Org. Lett. 2017, 19, 5641–5644.





Boryl-Heck Reactions

We have also recently begun to explore the use of electrophilic boron reagents in Heck-type reactions. We have shown that palladium catalysis efficiently converts terminal alkenes into trans-vinyl boronic esters. Like with the silyl-Heck chemistry, this allows for simple alkenes to be converted into high-value intermediates that are broadly useful in organic synthesis. We are continuing to explore and develop this transformation.


Boryl-Heck Reaction



Key Reference:

J. Am. Chem. Soc. 2016, 138, 5539–5542.

Org. Lett. 2018, ASAP.





Aza-Heck Reactions

Using palladium catalysis, we have developed an intramolecular aza-Heck cyclization to form unsaturated lactams via activation of the N-O bond of O-aryl hydroxamates. These reactions proceed with excellent yields and exhibit exquisite functional group compatibility. Preliminary investigations have shown promising results towards an asymmetric aza-Heck reaction. Because of the interesting nature of the products, we expect this method will find use in the total synthesis of alkaloids and other biologically active compounds.




Key Reference:

J. Am. Chem. Soc. 2016, 138, 13830–13833.
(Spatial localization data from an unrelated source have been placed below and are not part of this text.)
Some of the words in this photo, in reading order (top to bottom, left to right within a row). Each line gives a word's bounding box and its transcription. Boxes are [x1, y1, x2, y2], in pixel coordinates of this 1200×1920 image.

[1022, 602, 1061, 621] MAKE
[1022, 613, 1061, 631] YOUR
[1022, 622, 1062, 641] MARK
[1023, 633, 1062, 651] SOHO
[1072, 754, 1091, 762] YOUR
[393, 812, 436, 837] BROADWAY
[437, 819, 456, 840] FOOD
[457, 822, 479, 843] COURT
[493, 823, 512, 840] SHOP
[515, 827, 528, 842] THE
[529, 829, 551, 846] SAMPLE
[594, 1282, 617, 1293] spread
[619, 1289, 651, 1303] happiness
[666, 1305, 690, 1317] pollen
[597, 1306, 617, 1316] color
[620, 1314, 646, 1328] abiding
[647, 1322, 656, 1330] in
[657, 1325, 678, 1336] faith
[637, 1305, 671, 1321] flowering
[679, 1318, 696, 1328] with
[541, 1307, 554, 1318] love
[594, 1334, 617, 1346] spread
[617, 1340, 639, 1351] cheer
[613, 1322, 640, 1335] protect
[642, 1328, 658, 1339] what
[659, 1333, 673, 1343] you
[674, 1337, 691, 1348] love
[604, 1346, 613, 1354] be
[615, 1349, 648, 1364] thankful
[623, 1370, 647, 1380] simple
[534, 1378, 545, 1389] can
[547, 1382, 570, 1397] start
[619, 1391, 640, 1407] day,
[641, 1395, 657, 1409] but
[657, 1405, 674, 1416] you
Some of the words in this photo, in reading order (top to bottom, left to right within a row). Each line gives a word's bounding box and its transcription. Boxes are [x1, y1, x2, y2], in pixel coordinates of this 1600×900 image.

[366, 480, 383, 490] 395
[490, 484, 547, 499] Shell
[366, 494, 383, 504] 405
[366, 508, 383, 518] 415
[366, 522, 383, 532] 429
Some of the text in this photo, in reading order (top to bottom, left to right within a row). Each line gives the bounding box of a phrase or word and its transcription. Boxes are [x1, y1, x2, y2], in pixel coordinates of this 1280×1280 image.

Angew. Chem. Int. Ed. 2018, 57, 12081–12085.

New Reactions of Nitroalkanes

Another broad theme in the Watson lab is the development of new reactions of nitroalkanes. These intermediates are widely used in organic synthesis both for the construction of carbon-carbon bonds, and for the introductions heteroatoms. Our aim is to develop novel transformations of nitroalkanes, both for their preparation, as well as explore new reactivity of these compounds.

Nitroalkane Alkylation

The C-alkylation of nitroalkanes using simple alkyl electrophiles has been a long standing challenge in organic synthesis. This seemingly simple transformation is of potential significance because it would allow simple nitroalkanes to be converted into much more complex structures. However, the desired reactivity has been traditionally dominated by alkylation at oxygen. Using a simple copper catalyst, we have shown that C-alkylation of nitroalkanes can be achieved using a broad-range of alkyl halide electrophiles. On-going studies are aimed at further expanding the scope of this transformation, rendering it asymmetric, and furthering our understanding of the mechanism.

Nitroalkane Alkylation



Key References:

J. Am. Chem. Soc. 2012, 134, 9942–9945.
Org. Lett. 2014, 16, 3166–3169.
Org. Lett. 2016, 18, 988–991.
Org. Lett. 2017, 19, 2957–2960.
J. Am. Chem. Soc. 2017, 139, 8110–8113.

Catalytic Construction of C-N Bonds at Alkyl Centers

Although catalytic construction of C-N bonds at aromatic carbons has received much attention over the last two decades, fewer studies have focused on such reactions at C-sp3 centers. In part this stems not only from the difficulty associated with oxidative additions at sp3 centers, but also the propensity of alkyl groups to undergo beta-hydride elimination. As nitrogen atoms are of prime importance in biologically-active compounds, we are exploring new reactions that allow C-N construction at alkyl centers.

Alkyl Lam-Chan Reactions

Over the past few years, we have discovered reaction conditions that allow the cross-coupling of primary amides with alkyl boronic esters. These reactions result in the construction of new C-N bonds at alkyl centers with minimal levels of beta-hydride elimination. Highly functionalized amides and boronic esters are both tolerated, as are secondary alkyl centers. Current efforts are directed at expanding the scope of these transformations, as well as exploring possible asymmetric variants.

Alkyl Lam-Chen Reaction



Key References:

Org. Lett. 2013, 15, 2314–2317.
Chem. Eur. J. 2016, 22, 15654–15658.